Chronic kidney disease, Cardiovascular mortality, Dyslipidemia, Blood pressure management, SGLT2 inhibitors, PCSK9 inhibitors

Abstract

Abstract

Background:
Chronic kidney disease (CKD) is a powerful and independent amplifier of cardiovascular morbidity and mortality. Across all stages of CKD, the risk of cardiovascular death far exceeds the likelihood of progression to end-stage kidney disease, driven by a convergence of traditional risk factors and CKD-specific mechanisms such as chronic inflammation, vascular calcification, oxidative stress, anemia, sympathetic overactivity, and disordered mineral metabolism.

Objective:
To provide a practical, evidence-based overview of contemporary strategies aimed at reducing cardiovascular mortality in CKD, with a focus on lipid modulation, blood pressure optimization, proteinuria reduction, antithrombotic therapy, and emerging cardiometabolic agents.

Methods:
This narrative review synthesizes evidence from landmark randomized controlled trials, meta-analyses, and international guidelines to evaluate the efficacy and safety of established and novel pharmacologic interventions in CKD populations, including nondialysis and dialysis patients.

Results:
Statins remain foundational for cardiovascular risk reduction in early to moderate CKD, while combination therapy with ezetimibe and the introduction of PCSK9 inhibitors address residual atherogenic risk, including elevated lipoprotein(a).

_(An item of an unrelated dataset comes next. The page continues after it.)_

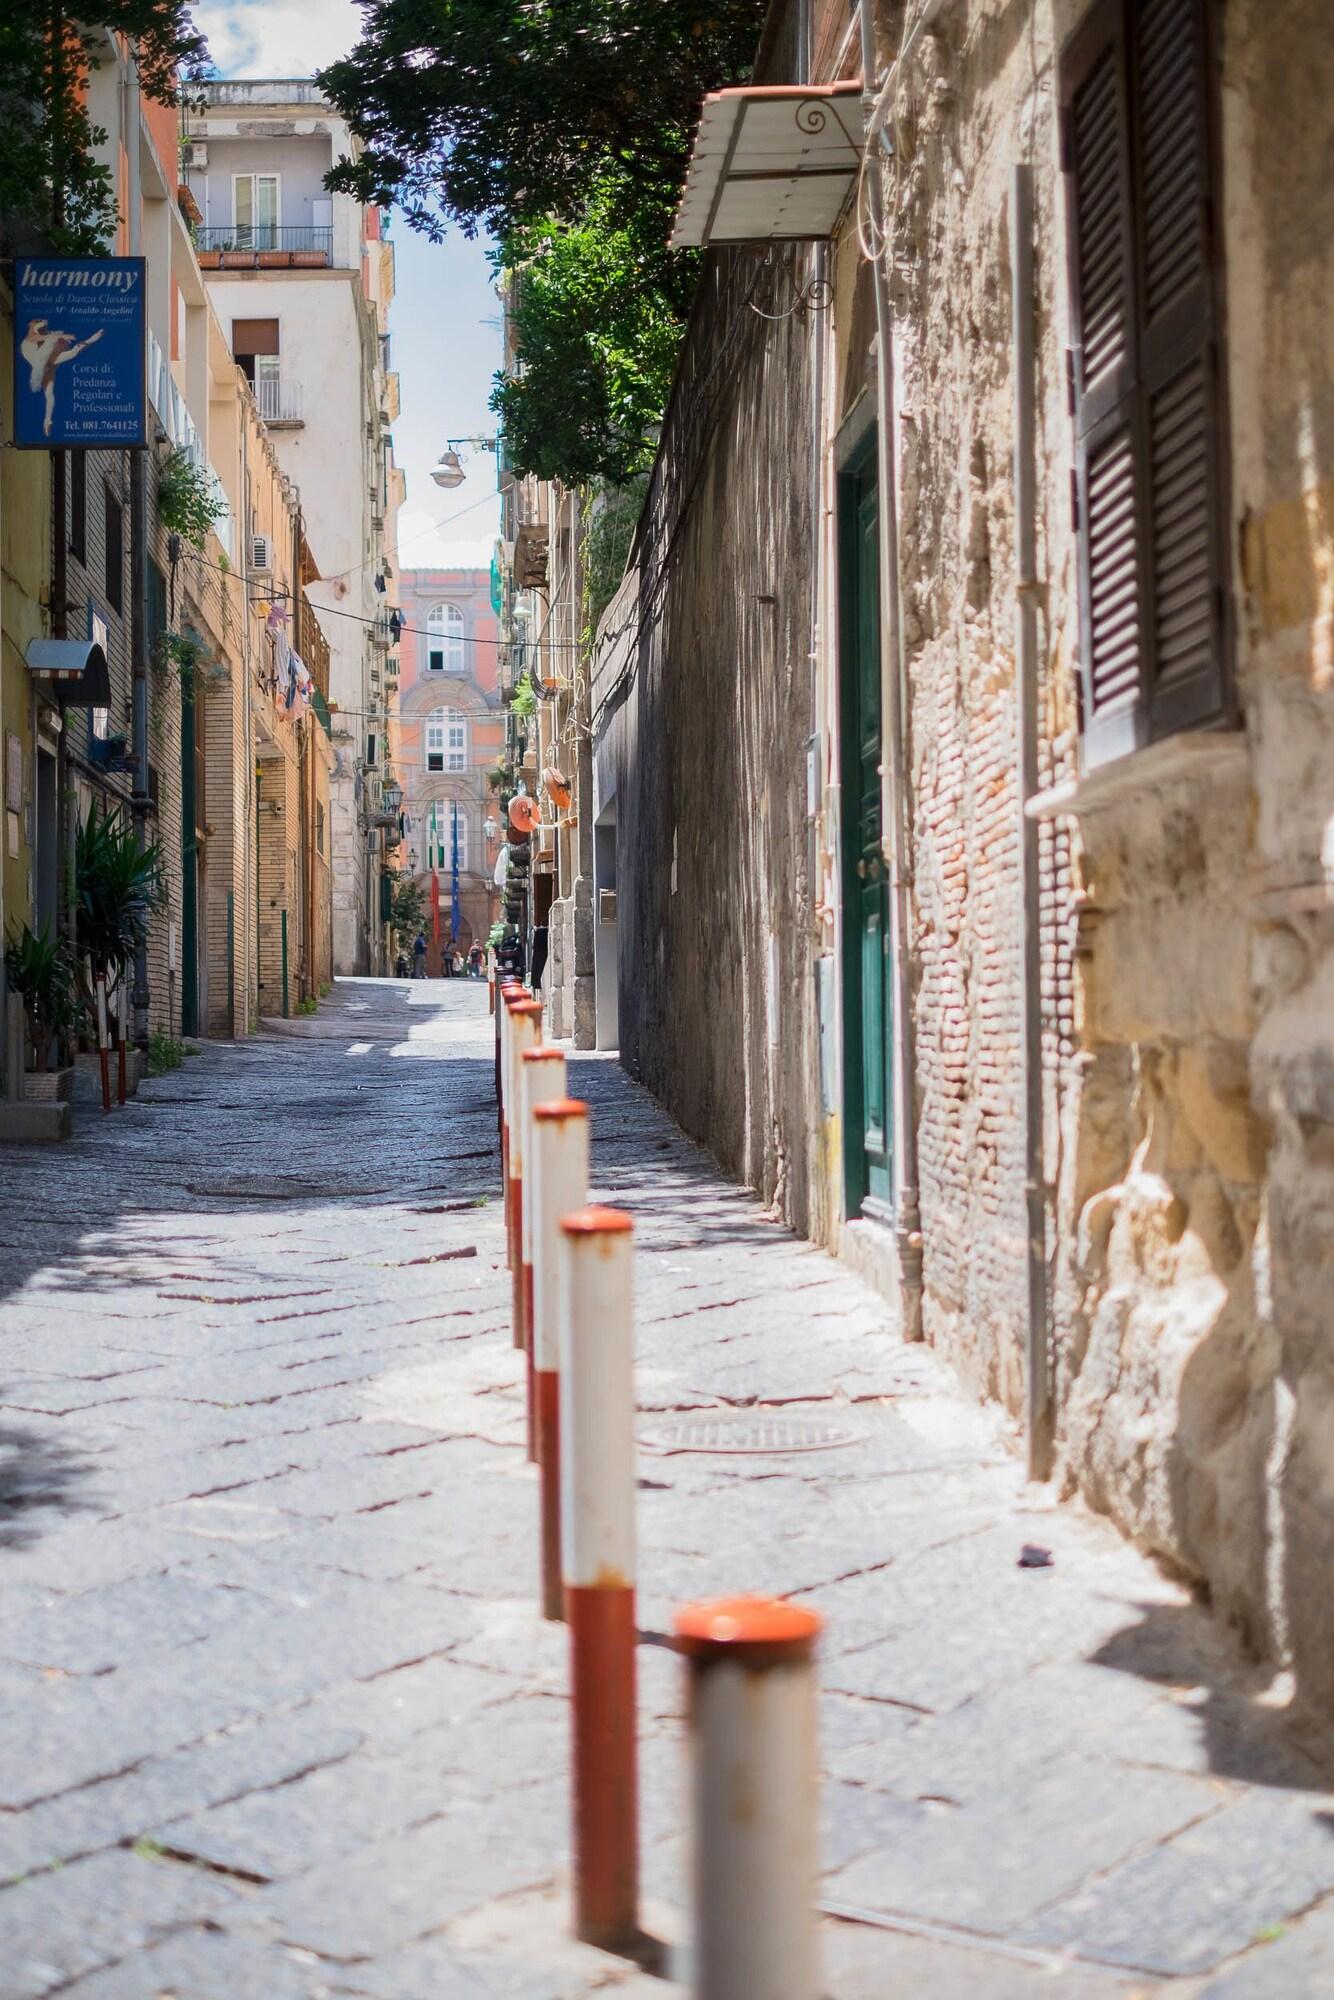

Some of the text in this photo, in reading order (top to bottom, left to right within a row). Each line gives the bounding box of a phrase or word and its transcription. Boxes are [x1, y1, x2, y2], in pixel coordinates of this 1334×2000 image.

High-dose, purified eicosapentaenoic acid has demonstrated promising reductions in cardiovascular events in dialysis patients, redefining the role of omega-3 therapy in this population. Blood pressure management centered on renin–angiotensin system blockade, calcium channel blockers, and vasodilatory beta-blockers improves central aortic pressure and mitigates sympathetic overdrive. Proteinuria reduction through ACE inhibitors, ARBs, mineralocorticoid receptor antagonists, and SGLT2 inhibitors slows CKD progression while conferring cardiovascular protection. Antiplatelet and anticoagulant therapies reduce ischemic events but require individualized risk–benefit assessment due to heightened bleeding risk, particularly in advanced CKD and dialysis.

Conclusion:
Reducing cardiovascular mortality in CKD requires early, aggressive, and individualized intervention targeting dyslipidemia, hypertension, proteinuria, and thrombosis within the context of CKD-specific pathophysiology. Integration of novel lipid-lowering agents, SGLT2 inhibitors, refined antihypertensive strategies, and emerging evidence-based therapies enables a shift from reactive to proactive cardiovascular risk mitigation. Personalized, multidisciplinary care across the cardio–renal interface offers a tangible opportunity to defy the historically poor cardiovascular outcomes associated with chronic kidney disease.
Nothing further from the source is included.